Paul Nelson, from Assemblywoman Millman’s office, asked how the State Legislature could help. Mr. Brezenoff said that if the Department of Health were to deny LICH’s application to close obstetrics, he would “be banging on your door” to seek a legislative solution. Dorothy Siegel, a community activist living in Cobble Hill, said that the solution for LICH should be the same as it was for the Cobble Hill Nursing Home some years ago: turn it over to the community to own and manage. “Give us your debt,” she said, noting that community management had succeed in turning around the Nursing Home when it was in financial straits, and in maintaining it as a first-class facility.
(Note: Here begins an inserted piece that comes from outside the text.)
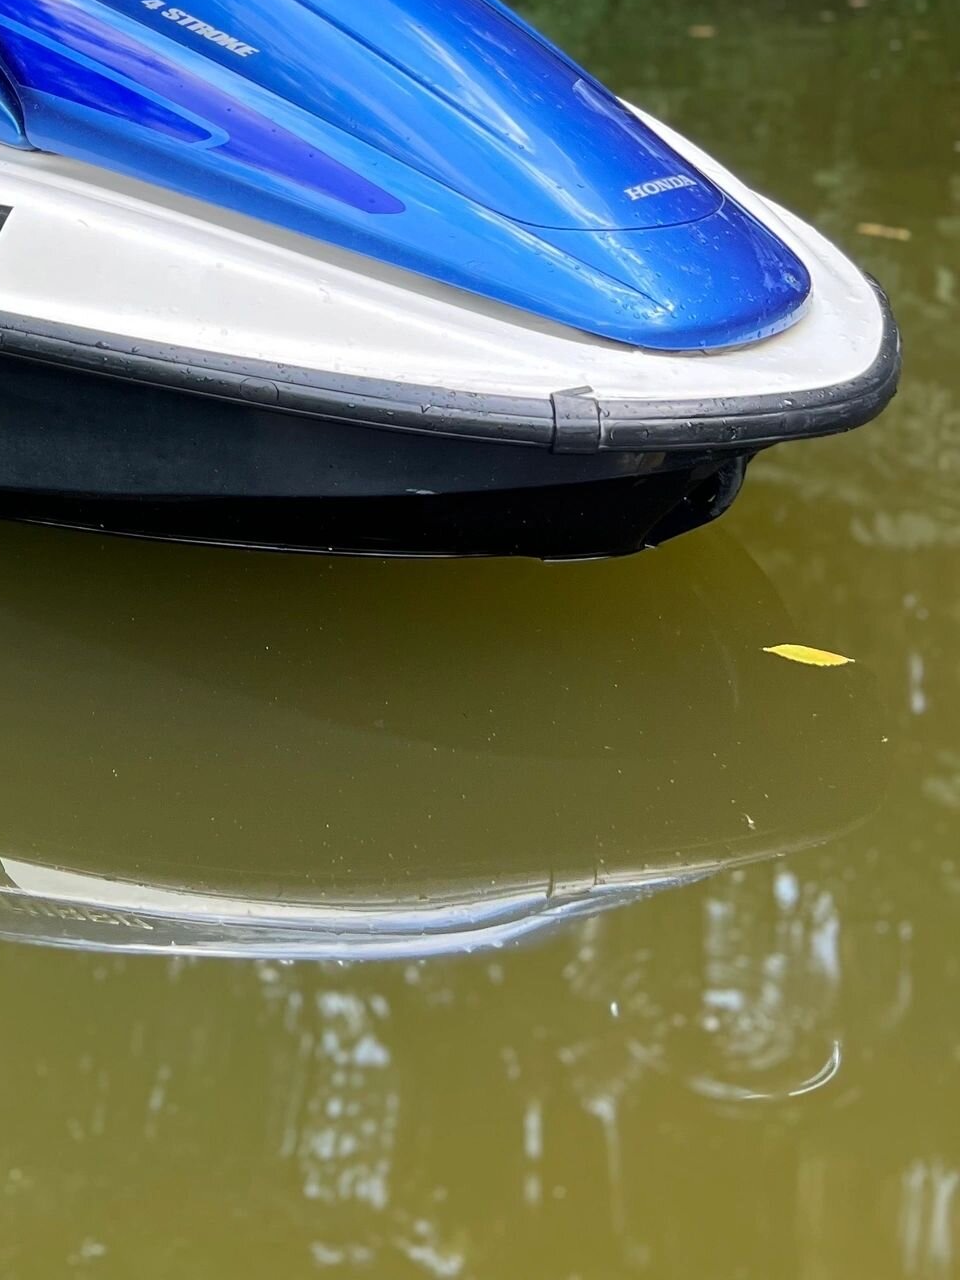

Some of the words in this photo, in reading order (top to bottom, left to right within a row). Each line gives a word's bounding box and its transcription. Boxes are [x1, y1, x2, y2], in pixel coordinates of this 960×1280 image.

[141, 0, 166, 11] 4
[161, 7, 260, 57] STROKE
[623, 174, 697, 201] HONDA
Notably absent from those making statements or asking questions at the meeting was any representative of the LICH physician staff.. However, there is strong and organized staff opposition to Continuum’s plan and, during the meeting, cards were circulated in the audience giving the web address of the medical staff’s site. The staff has retained the prestigious law firm Arnold & Porter to assist it in drafting an alternative plan that, it claims, can allow LICH to survive without terminating obstetrics or any other practice area. The plan is available in pdf format through a link on the medical staff site. It stresses rebuilding sources of patient intake, such as community clinics, while reducing losses by more aggressively pursuing overdue receivables, minimizing overhead costs, and renegotiating arrangements with insurance carriers.
Asked if he would meet with representatives of the staff concerning this plan, Mr. Brezenoff said “No.”